- **Try it**
Everything in the listing below should be written out again exactly, except the pictures.

┌──

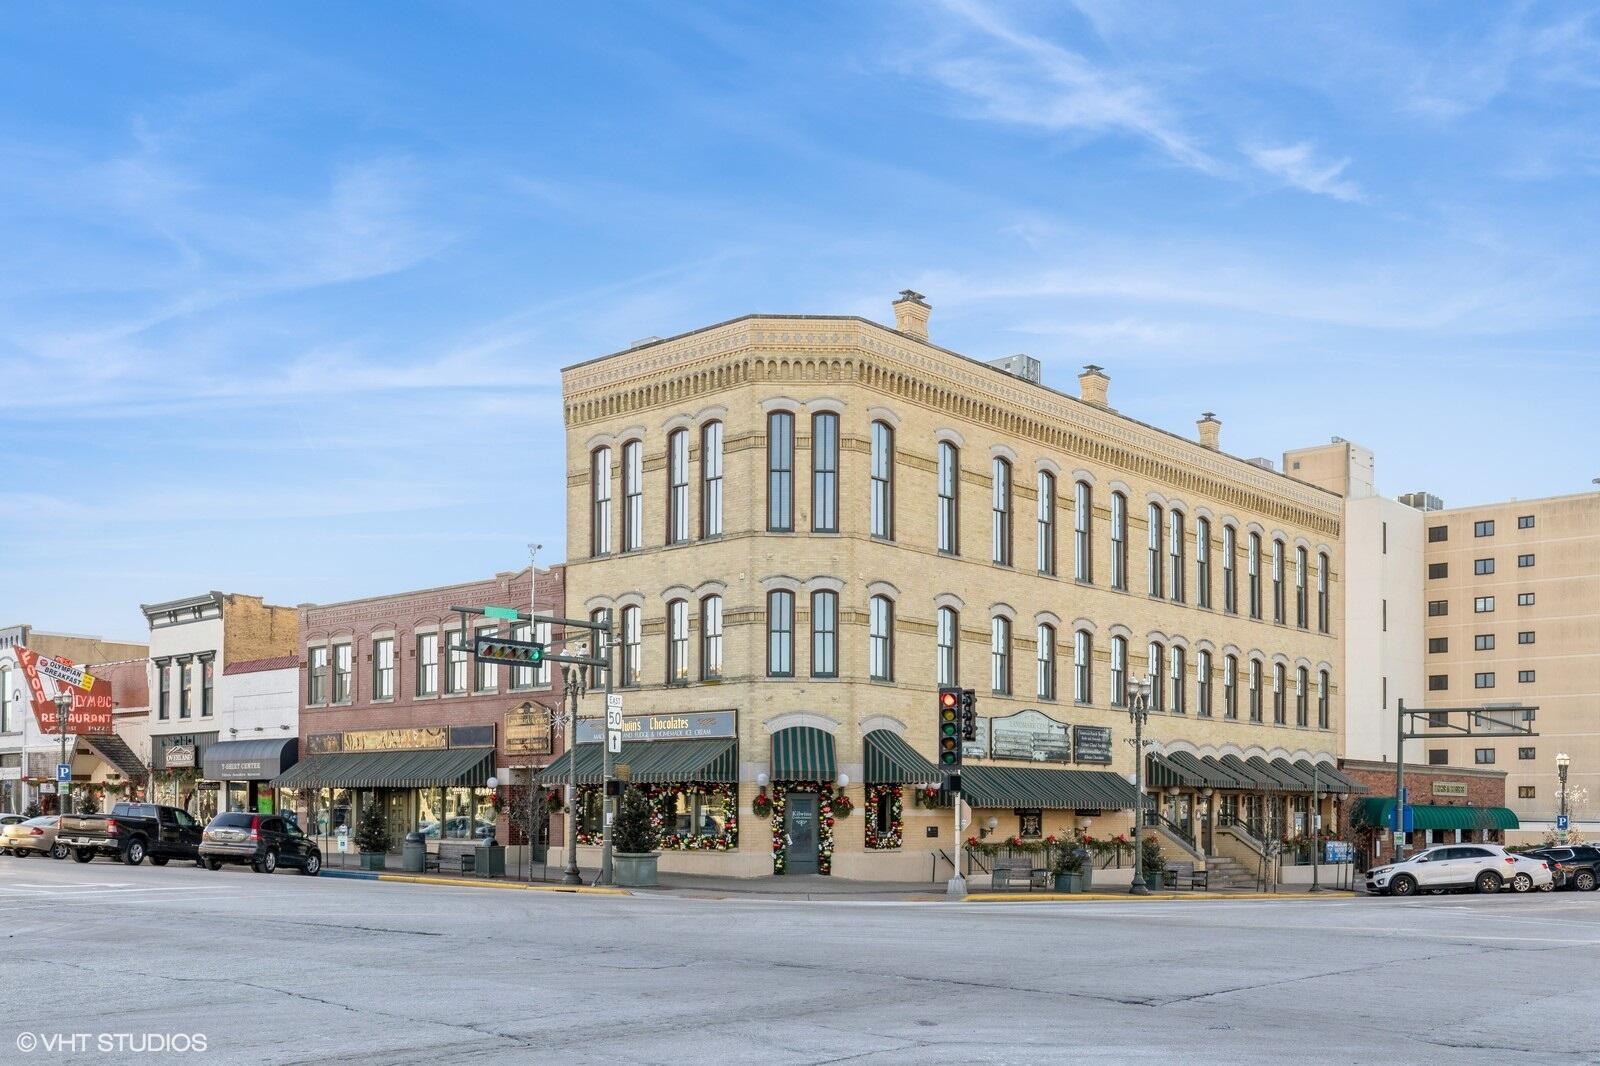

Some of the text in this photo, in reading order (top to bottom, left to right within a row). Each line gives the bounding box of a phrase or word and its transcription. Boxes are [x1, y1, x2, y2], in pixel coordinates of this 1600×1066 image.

[50, 660, 82, 678] OLYMPIAN
[21, 649, 46, 705] FOOD
[44, 666, 82, 686] BREAKFAST
[41, 712, 112, 724] RESAURANT
[609, 711, 621, 725] 50
[649, 717, 689, 730] Chocolates
[60, 767, 69, 778] P
[1559, 817, 1567, 826] P

└──

- **Exercise answer**
Some of the text in this photo, in reading order (top to bottom, left to right within a row). Each line gives the bounding box of a phrase or word and its transcription. Boxes are [x1, y1, x2, y2], in pixel coordinates of this 1600×1066 image.

[50, 660, 82, 678] OLYMPIAN
[21, 649, 46, 705] FOOD
[44, 666, 82, 686] BREAKFAST
[41, 712, 112, 724] RESAURANT
[609, 711, 621, 725] 50
[649, 717, 689, 730] Chocolates
[60, 767, 69, 778] P
[1559, 817, 1567, 826] P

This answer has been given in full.